Epigenetisch wirksame Hautpflege ist ein neuer Trend in der Kosmetik Branche. Ich erkläre was diese Produkte bewirken sollen und was ich von den Versprechungen der Werbung halte.

Gentechnik unerwünscht? – ich will keinen Hybridparadeiser!

Ohne Gentechnik hergestellt

Ohne Gentechnik hergestellt

Bei Lebensmitteln suchen vielen von uns nachdem kleinen grünen Logo, das eine Gentechnik freie Produktion garantiert. Es ist uns anscheinend wichtig, dass niemand die Erbsubstanz unseres Essens verändert. Gentechnik in der Lebensmittelindustrie hat viele ökologische Auswirkungen, vermutlich sind uns noch nicht alle möglichen Folgen bewusst. Eins aber kann man mit Sicherheit sagen: der Verzehr eines gentechnisch veränderten Lebensmittels hat keinen Einfluss auf unser eigenes Erbgut.

 

Wie aber schaut es mit uns selbst aus?

Um eben diesen Einfluss auf unsere DNA geht es bei den von mir angesprochenen Pflegeprodukten. Hier gibt es einen Trend zu Cremen die angeblich die Aktivität unserer DNA verändern können. Konkretes Beispiel: 365 Skin Repair Serum von Lancaster. Auch Nivea bediente mit der DNAge Serie diese Schiene, inzwischen sind die Produkte aber weitgehend vom Markt verschwunden. Mir drängen sich ein paar Frage auf: Ist die Anwendung einer solchen Hautcreme dann eine gentechnische Veränderung meiner Haut? Und wenn ja: Warum soll ich das wollen? Will ich mit meiner Haut etwas machen, dass ich bei meinem Gemüse nicht will? 

 

Das neueste Produkt Segment: Epigenetisch wirksame Cremen

Ein neues Segment der „DNA-wirksamen“ Kosmetik ist schon erkennbar: Cremen, die angeblich die Epigenetik unsere Hautzellen beeinflusst. Zunächst einmal beschäftig mich folgende Frage: sind Cremen die (angeblich) unser Erbgut verändern können ein neuer Trend oder eh ein alter Hut? Die Antwort ist ein klares und deutliches, äh, JEIN.

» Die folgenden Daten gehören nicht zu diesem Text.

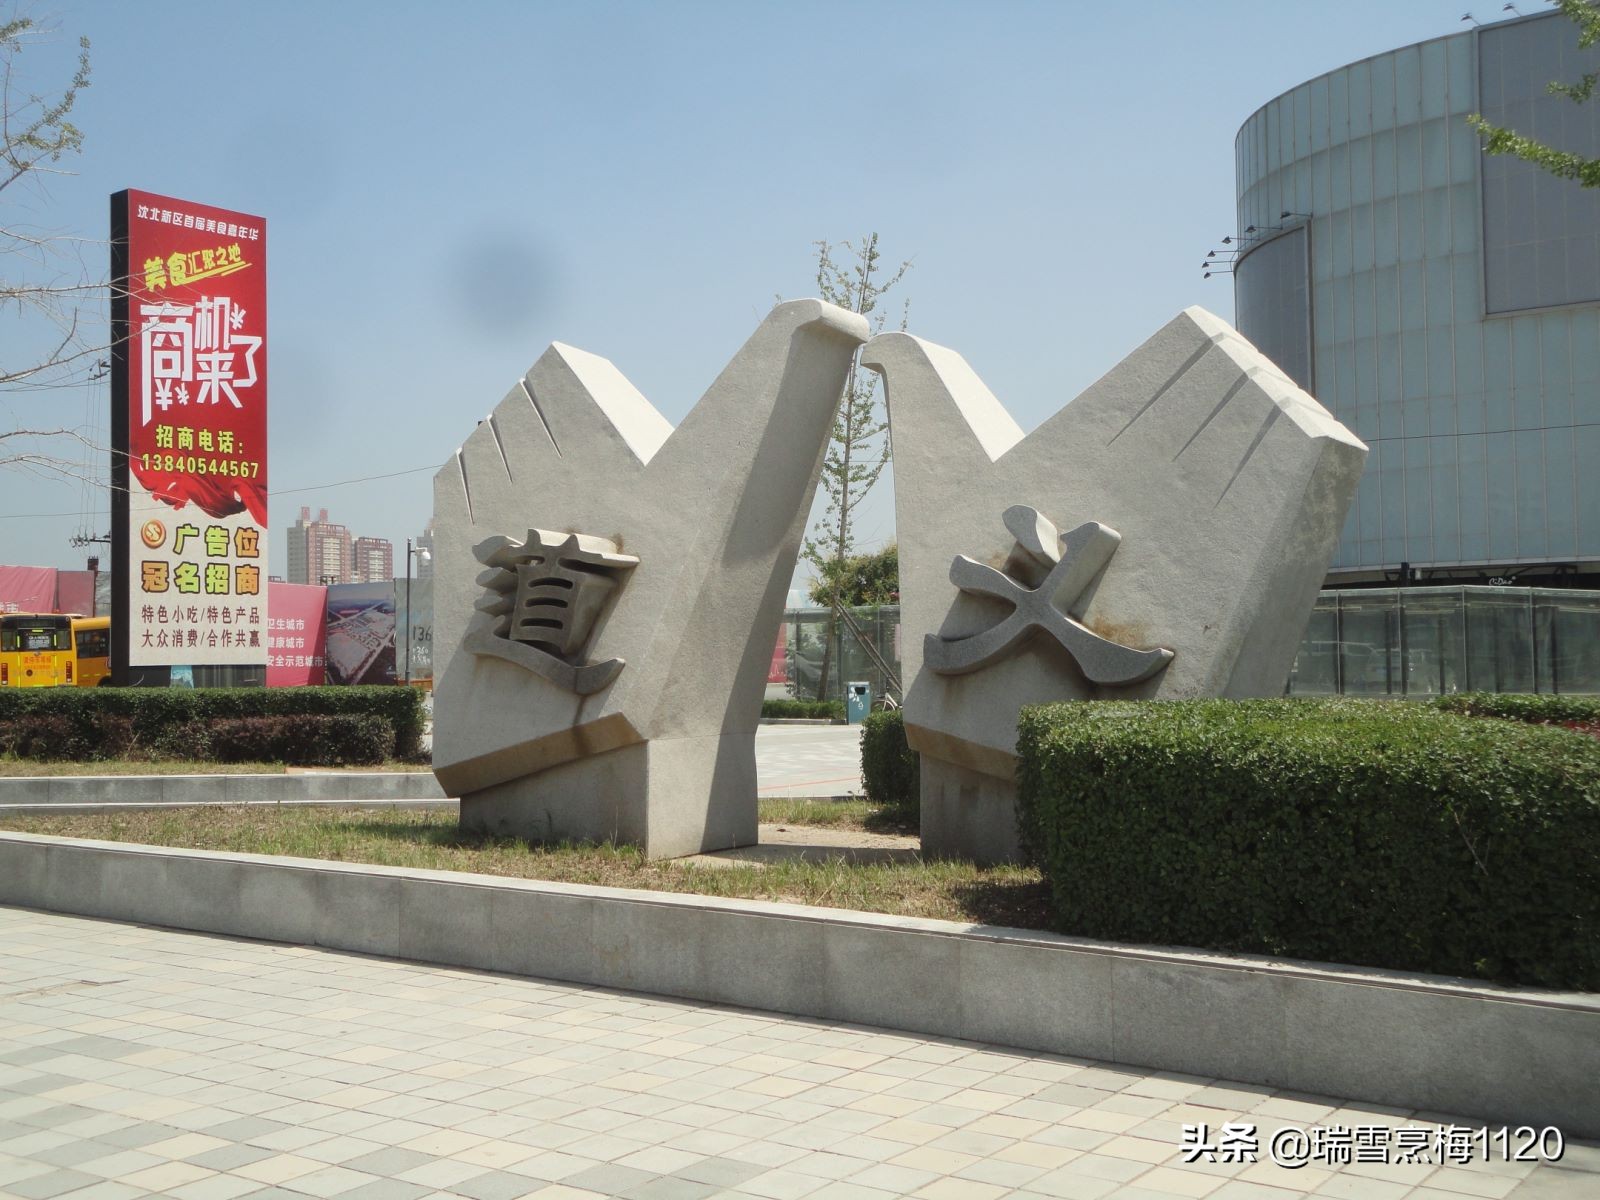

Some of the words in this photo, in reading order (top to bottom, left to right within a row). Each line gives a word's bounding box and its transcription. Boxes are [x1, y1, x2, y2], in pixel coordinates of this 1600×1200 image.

Schon seit längerem gibt es Kosmetika, vor allem Sonnenschutzmittel und After-Sun Produkte, deren Inhaltsstoffe die DNA reparieren sollen. Auch eine Reparatur ist eine Art der Veränderung. Spezielle Enzyme (Photolyase), die DNA-Schäden reparieren sind in diversen Produkten zu finden und mir sind keine Studien bekannt die eine nachteilige Wirkung auf die Haut bestätigen. Neu ist allerdings, dass es nun Cremen gibt die nicht nur Schäden reparieren, sondern auch die Aktivität unserer DNA beinflussen wollen.

 

Genetik und Epigenetik: Das ist der Unterschied

Fragezeichen (Bild: shutterstock, watchara)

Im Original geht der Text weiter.